Jerry McDevitt, Pittsburgh-based partner of the law firm K&L Gates – which both is a legal counsel for World Wrestling Entertainment and was one of its registered Washington lobbyists – has responded to my email to him yesterday requesting further information on WWE federal lobbying efforts in 2009. (See yesterday’s item on this blog, “Did Linda McMahon’s WWE Do No Federal Lobbying in 2009 – Or Just Not Report Any?”)
McDevitt wrote in part, “We filed two quarterly reports – for the first and second quarters – in 2009. We also reported the termination of the registration in the second quarter, and thus there are no subsequent reports. In both we reported no lobbying activity, which should be of assistance for those who, like you, have a hard time understanding what zero means.”
McDevitt said that questions about WWE’s other registered lobbyist, APCO Worldwide, would have to be directed to that firm itself.
I say McDevitt “wrote in part” because the second half of his message to me challenged my December 14 post, “EXCLUSIVE: Linda McMahon’s WWE Medical Director Met With Chris Benoit Brain Experts in 2008.”
I will dedicate future posts to a full airing of this controversy and to the history of my dealings with Jerry McDevitt during the research for my book CHRIS & NANCY: The True Story of the Benoit Murder-Suicide and Pro Wrestling’s Cocktail of Death. I also will reproduce the copy McDevitt provided to me of his letter yesterday to West Virginia neurosurgeon and brain researcher Dr. Julian Bailes. That letter, in turn, attaches a copy of McDevitt’s September 25, 2007, letter to Chris Nowinski, the former WWE wrestler who started the Massachusetts-based Sports Legacy Institute. (The Nowinski group, incidentally, was featured in the most recent edition of the HBO program Real Sports.)

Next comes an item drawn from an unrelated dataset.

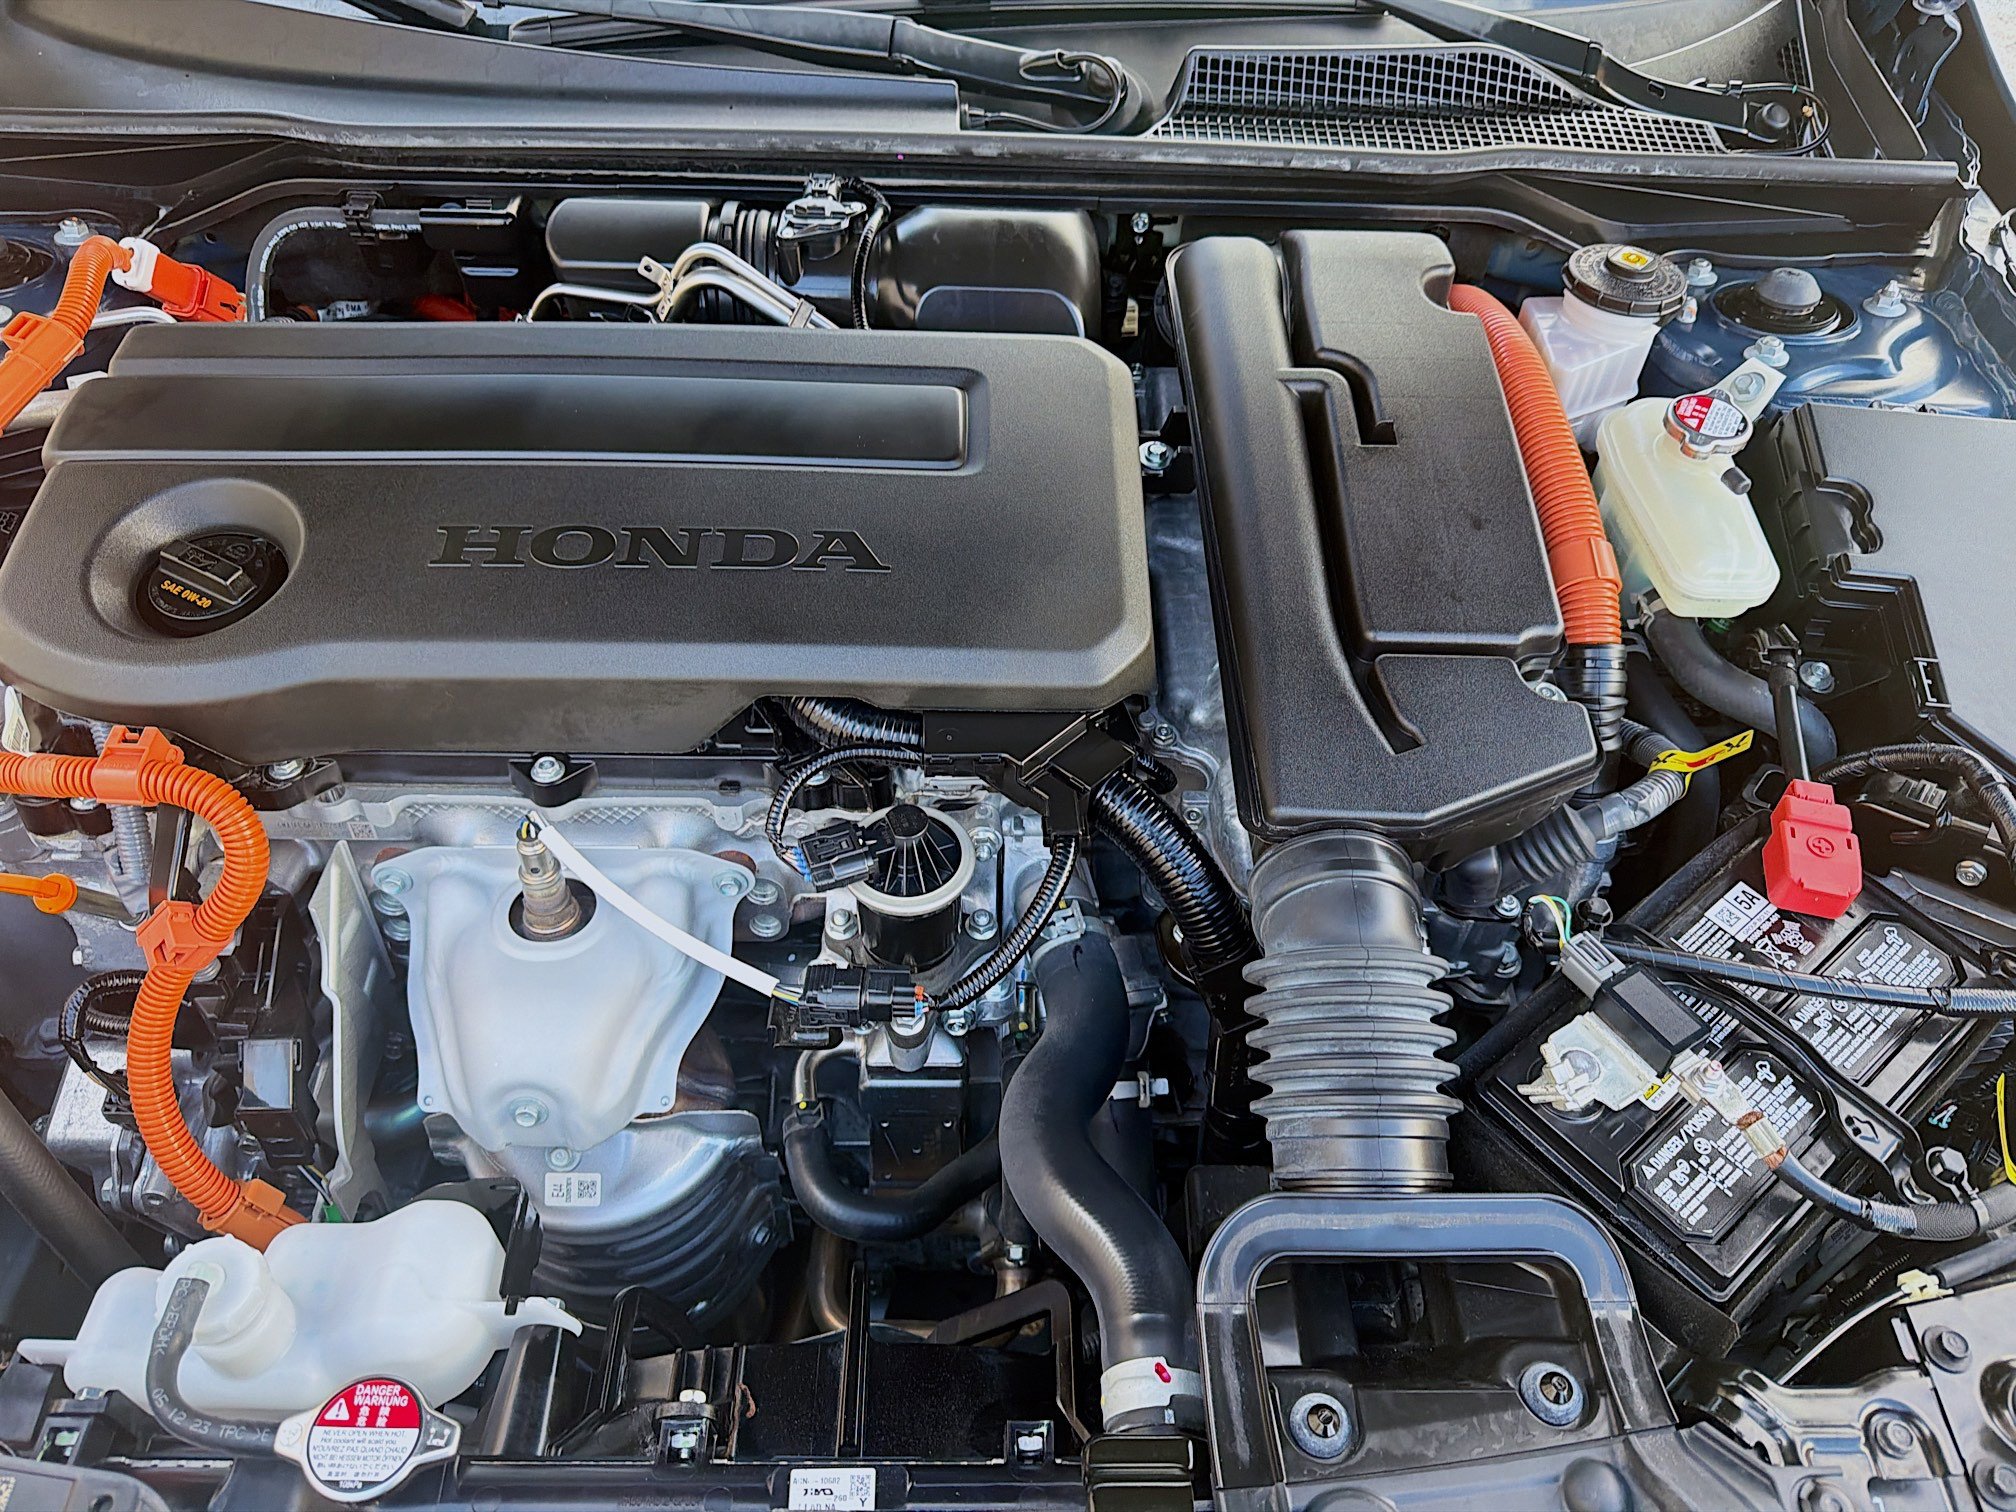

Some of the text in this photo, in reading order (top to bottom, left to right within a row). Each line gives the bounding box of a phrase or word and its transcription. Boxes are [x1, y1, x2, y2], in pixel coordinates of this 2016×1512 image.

In a nutshell, my report last month disclosed that WWE’s own medical director, Dr. Joseph Maroon, met in 2008 with directors of Bailes’ West Virginia brain institute, including Dr. Bennett Omalu, who previously had been affiliated with Nowinski’s organization. Maroon was solicited for comment but did not respond.
I wrote that WWE’s statement to ESPN — “WWE has been asking to see the research and test results in the case of Mr. Benoit for years and has not been supplied with them” (emphasis added) — was “grossly, and characteristically, misleading” and that the background “reveals that ‘lie’ may not be too strong a word.”
McDevitt, for his part, says my report itself is a lie.
Readers, I think, are capable of reading the whole record and resolving this dispute for themselves.
More soon. The power is out here at home during storms in Northern California, and it is hard to post stuff today as rapidly as I would like.